This Is MS Multiple Sclerosis Knowledge & Support Community

Looks like Dr. Roy Swank was on to something sixty years ago.
National MS Society is finally considering impact of cardiovascular environmental factors on MS progression---and recommending nutrition, exercise, stress reduction, smoking cessation.

http://ccsviinms.blogspot.com/2015/04/a ... -from.html


cheer

That letter is not from the MS society. Rather it is from a blog from someone named Joan. She adds, after the letter:

"(note: just so I won't get sued, this letter isn't real. It's satire."

For anyone interested in what the National MS society has to say about diet, exercise, etc.:

http://www.nationalmssociety.org/Nation ... plewMS.pdf

sorry, Elliot. that's me--Joan.
My post here was a link to my blog--on the irony of the fact the MS Society is now developing and promoting a wellness program.
(I give a link from 2008 where the National MS Society spokesperson says the benefit from diet and exercise is "placebo", thus my satirical post.)
Sorry the post wasn't clear. By all means, check out the MS Society suggestions.
All cardiovascular measures which are being shown to help pwMS.
cheer/Joan

Thank you for drawing my attention to the site of the National MS Society.
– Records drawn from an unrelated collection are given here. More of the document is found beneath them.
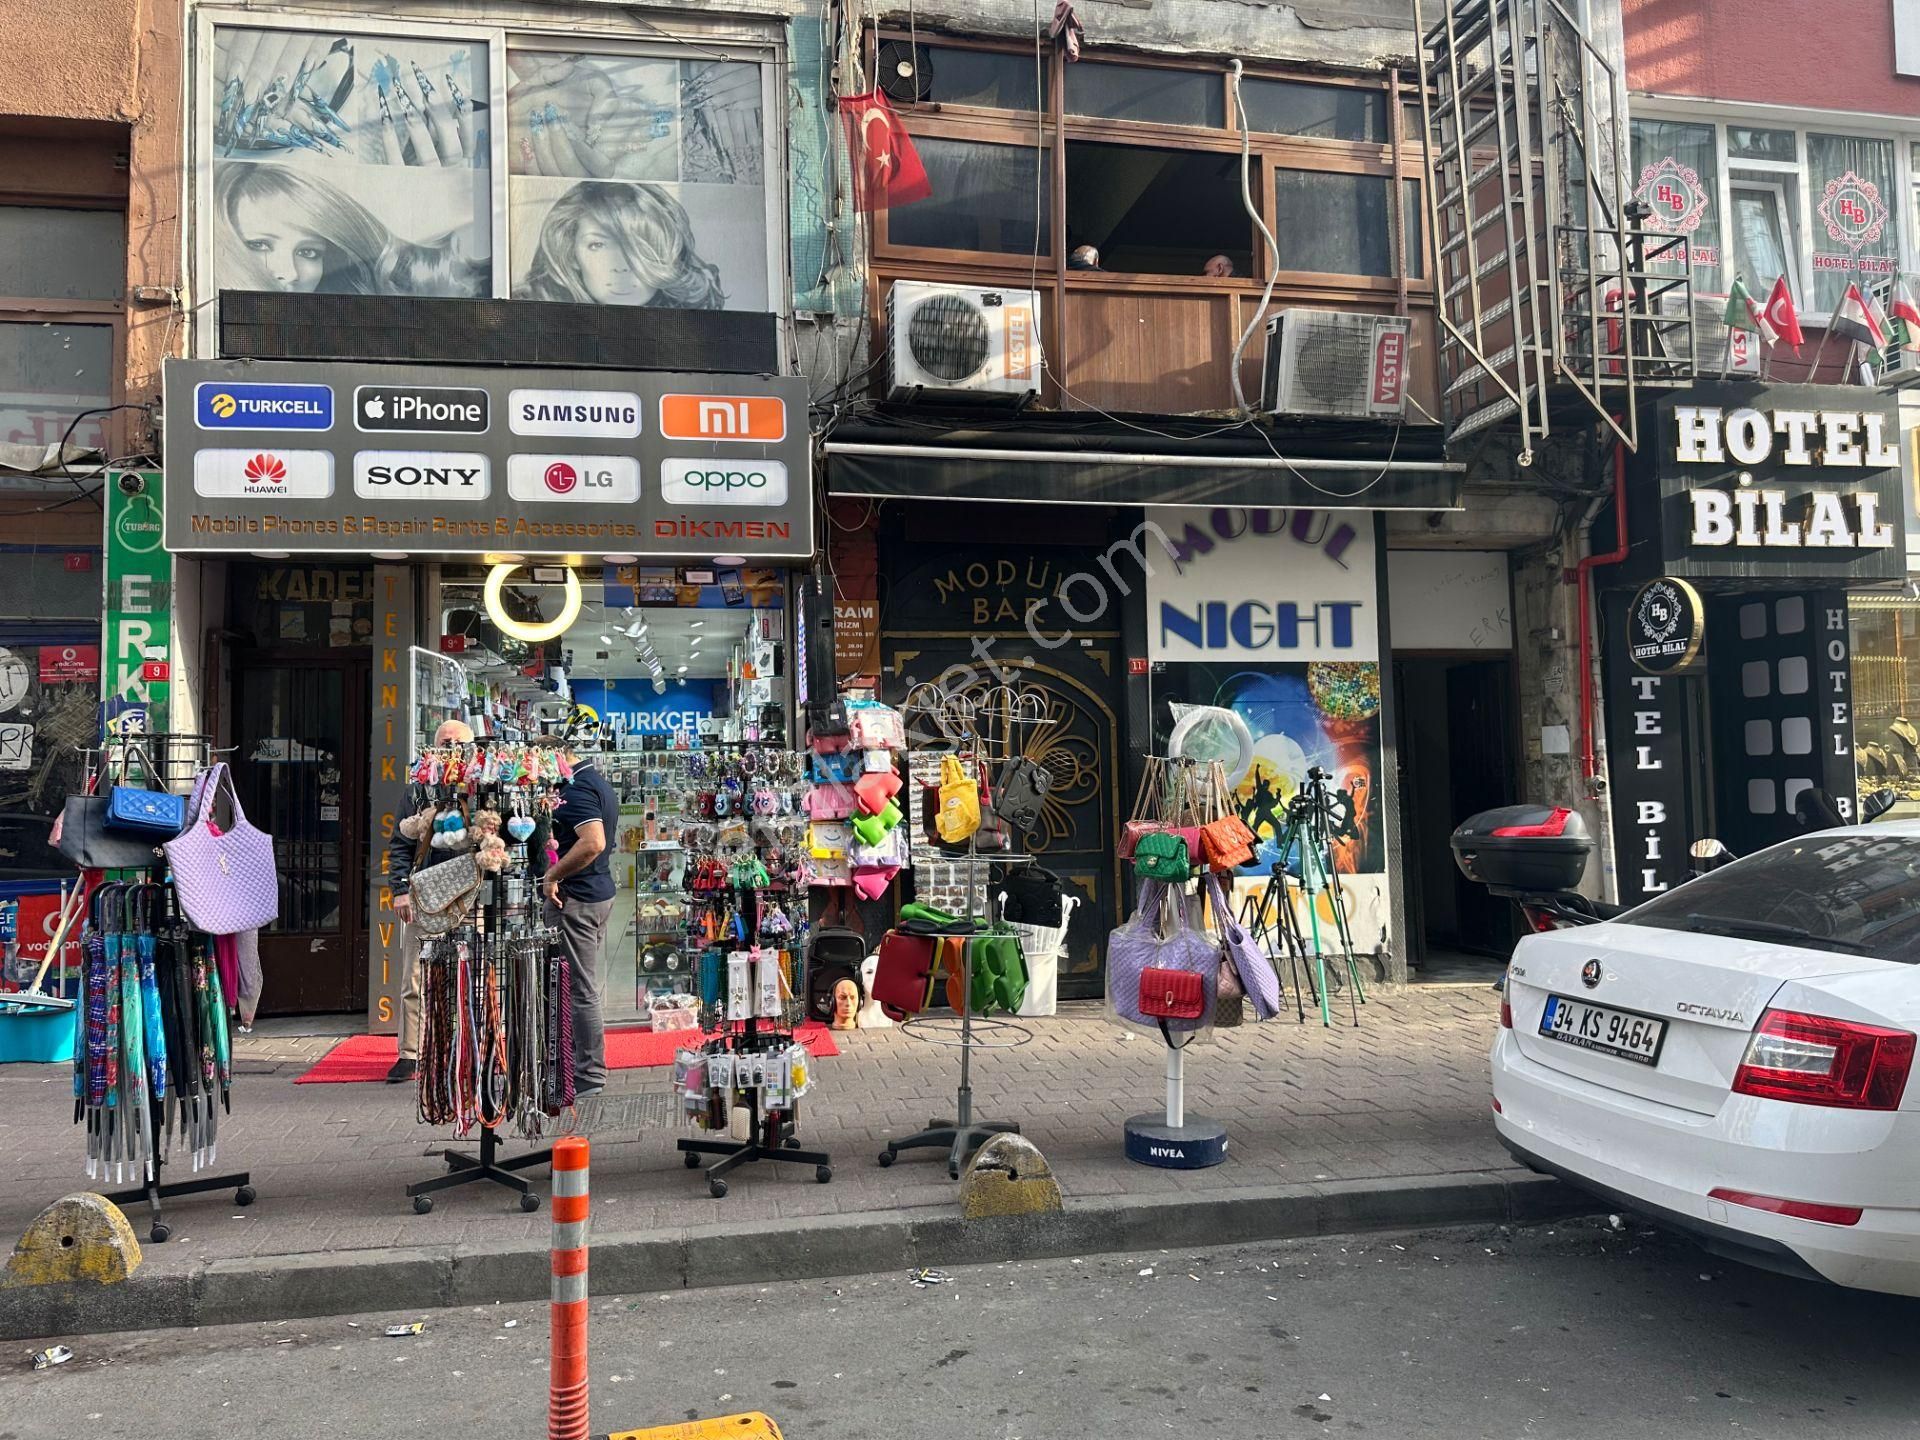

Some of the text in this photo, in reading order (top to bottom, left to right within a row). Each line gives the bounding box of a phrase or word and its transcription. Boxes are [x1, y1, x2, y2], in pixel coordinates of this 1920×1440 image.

[1657, 185, 1684, 211] HB
[1839, 199, 1866, 224] HB
[1676, 249, 1717, 262] BLAL
[1815, 257, 1855, 270] HOTEL
[1009, 312, 1025, 374] VESTEL
[1733, 333, 1747, 366] VES
[1381, 335, 1399, 400] VESTEL
[239, 399, 323, 415] TURKCELL
[392, 396, 481, 421] iPhone
[522, 403, 636, 425] SAMSUNG
[1674, 405, 1901, 468] HOTEL
[367, 466, 481, 486] SONY
[584, 470, 613, 488] LG
[684, 470, 767, 492] oppo
[244, 486, 287, 494] HUAWEI
[1688, 470, 1895, 547] BİLAL
[191, 515, 259, 533] Mobile
[263, 515, 338, 534] Phones
[342, 515, 358, 533] &
[362, 516, 428, 538] Repair
[432, 516, 490, 535] Parts
[495, 517, 510, 535] &
[655, 515, 790, 538] DİKMEN
[933, 556, 1072, 605] MODÜL
[973, 597, 1046, 625] BAR
[1651, 603, 1668, 621] HB
[1160, 600, 1362, 649] NIGHT
[1635, 641, 1687, 657] HOTEL BİLAL
[152, 666, 161, 677] 9
[381, 576, 398, 782] TEKNİK
[1826, 608, 1849, 756] HOTEL
[27, 939, 80, 951] vodon
[1677, 1002, 1744, 1023] OCTAVIA
[1554, 1003, 1573, 1031] 34
[1579, 1008, 1604, 1038] KS
[1606, 1015, 1654, 1052] 9464
[1150, 1146, 1185, 1159] NIVEA
On the site you find a report of the recent Boston meeting of the Progressive MS Alliance. http://www.nationalmssociety.org/Nation ... -final.pdf
This means a small revolution in MS land!
I recommend you all to read it.

The report mentions the meningual inflammation, the B-cells, it asks what comes first?
Good questions!

The link with EBV has not yet been made but it will come soon, I am sure.
The thesis on my posting 26 March 6:55 am refers.
http://www.thisisms.com/forum/general-d ... 8-675.html

cheerleader, the MS Society is still not taking a clear stand when it comes to diet, exercise, etc., IMHO, although it appears they have changed their stance a bit - at least they are finally making recommendations of some kind. I enjoyed reading your letter and understand your point, but I just wanted to make sure those reading your post and letter are not confused as to the source and purpose. After my diagnosis a couple of years ago, I found it odd (and sad) that neither my doctor or the MS Society made any real recommendations to me (the only recommendation my doctor gave as to go on Copaxone), so this change is in the right direction.